BRIEF:
Exclude the images and repeat all remaining entries exactly.

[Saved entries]
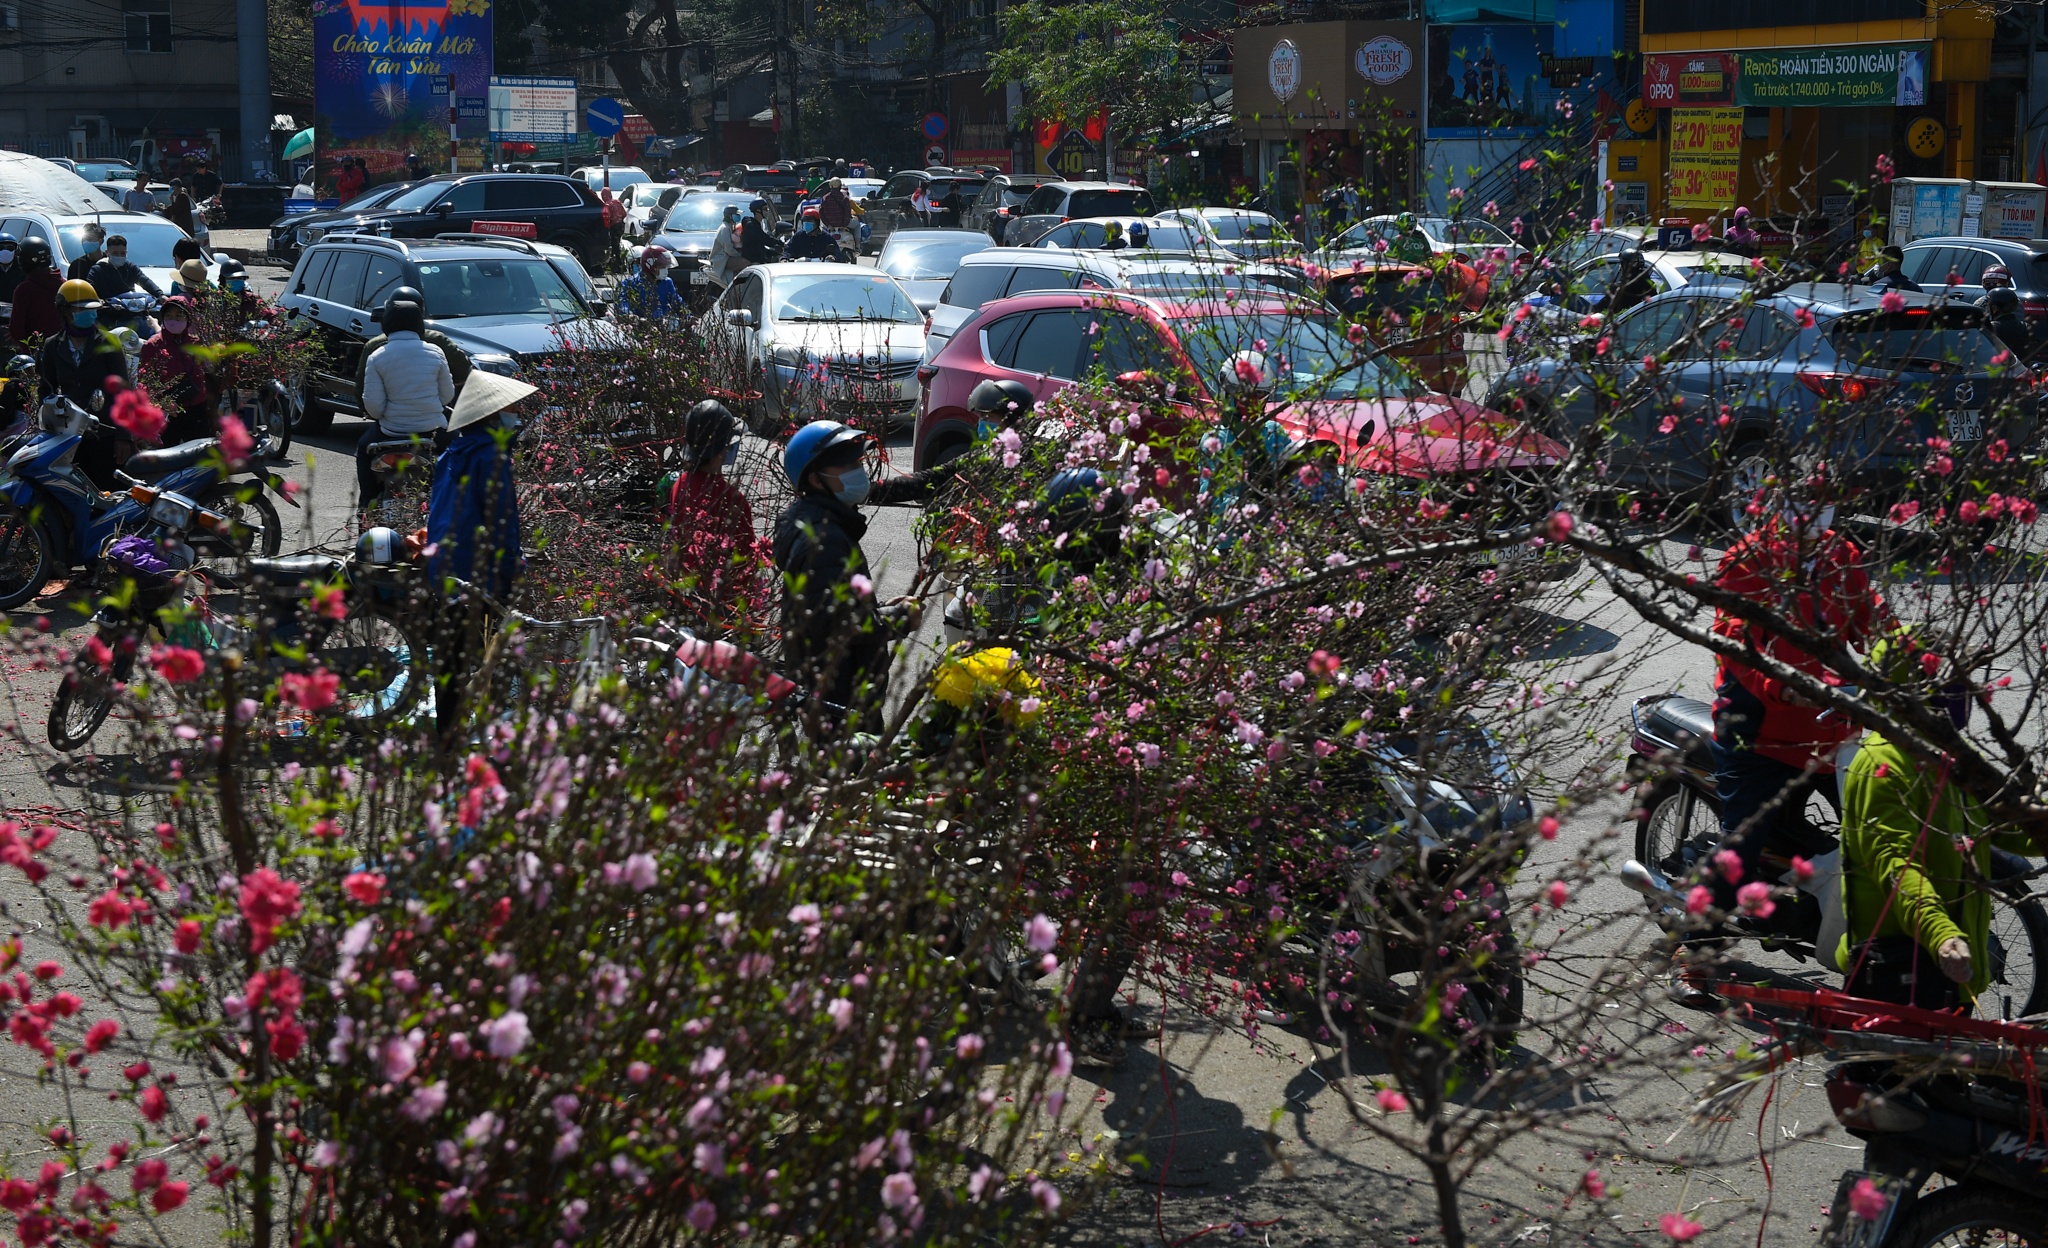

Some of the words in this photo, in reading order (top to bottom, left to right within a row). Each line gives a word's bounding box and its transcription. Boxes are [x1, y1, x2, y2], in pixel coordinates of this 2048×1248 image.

[333, 34, 379, 54] Chào
[383, 36, 432, 54] Xuân
[437, 36, 476, 55] Mới
[1364, 50, 1403, 65] FRESH
[1745, 58, 1778, 76] Reno5
[1780, 55, 1808, 75] HOÀN
[1810, 52, 1834, 75] TIỀN
[1836, 55, 1857, 74] 300
[1859, 51, 1895, 73] NGÀN
[368, 56, 401, 75] Tân
[406, 56, 441, 75] Sửu
[1274, 59, 1293, 77] FRESH
[1369, 64, 1400, 73] FOODS
[1541, 54, 1593, 77] TOMORROW
[1688, 61, 1705, 75] TẶNG
[1276, 75, 1291, 86] FOODS
[1682, 78, 1702, 89] 1.000
[1650, 84, 1674, 99] OPPO
[1754, 83, 1768, 97] Trả
[1768, 82, 1789, 97] trước
[1790, 82, 1830, 97] 1.740.000
[1837, 79, 1851, 96] Trả
[1852, 81, 1868, 98] góp
[1870, 80, 1884, 94] 0%
[460, 107, 473, 116] XUÂN
[1713, 121, 1727, 134] GIẢM
[1713, 136, 1725, 151] ĐẾN
[1057, 152, 1083, 173] 40
[1711, 167, 1728, 180] GIẢM
[1714, 183, 1727, 198] ĐẾN
[2008, 206, 2019, 221] TÓC
[2021, 209, 2036, 222] NAM
[1403, 238, 1424, 250] Grab
[1669, 230, 1685, 248] G7
[1952, 411, 1971, 425] 30A

SOLUTION:
Some of the words in this photo, in reading order (top to bottom, left to right within a row). Each line gives a word's bounding box and its transcription. Boxes are [x1, y1, x2, y2], in pixel coordinates of this 2048×1248 image.

[333, 34, 379, 54] Chào
[383, 36, 432, 54] Xuân
[437, 36, 476, 55] Mới
[1364, 50, 1403, 65] FRESH
[1745, 58, 1778, 76] Reno5
[1780, 55, 1808, 75] HOÀN
[1810, 52, 1834, 75] TIỀN
[1836, 55, 1857, 74] 300
[1859, 51, 1895, 73] NGÀN
[368, 56, 401, 75] Tân
[406, 56, 441, 75] Sửu
[1274, 59, 1293, 77] FRESH
[1369, 64, 1400, 73] FOODS
[1541, 54, 1593, 77] TOMORROW
[1688, 61, 1705, 75] TẶNG
[1276, 75, 1291, 86] FOODS
[1682, 78, 1702, 89] 1.000
[1650, 84, 1674, 99] OPPO
[1754, 83, 1768, 97] Trả
[1768, 82, 1789, 97] trước
[1790, 82, 1830, 97] 1.740.000
[1837, 79, 1851, 96] Trả
[1852, 81, 1868, 98] góp
[1870, 80, 1884, 94] 0%
[460, 107, 473, 116] XUÂN
[1713, 121, 1727, 134] GIẢM
[1713, 136, 1725, 151] ĐẾN
[1057, 152, 1083, 173] 40
[1711, 167, 1728, 180] GIẢM
[1714, 183, 1727, 198] ĐẾN
[2008, 206, 2019, 221] TÓC
[2021, 209, 2036, 222] NAM
[1403, 238, 1424, 250] Grab
[1669, 230, 1685, 248] G7
[1952, 411, 1971, 425] 30A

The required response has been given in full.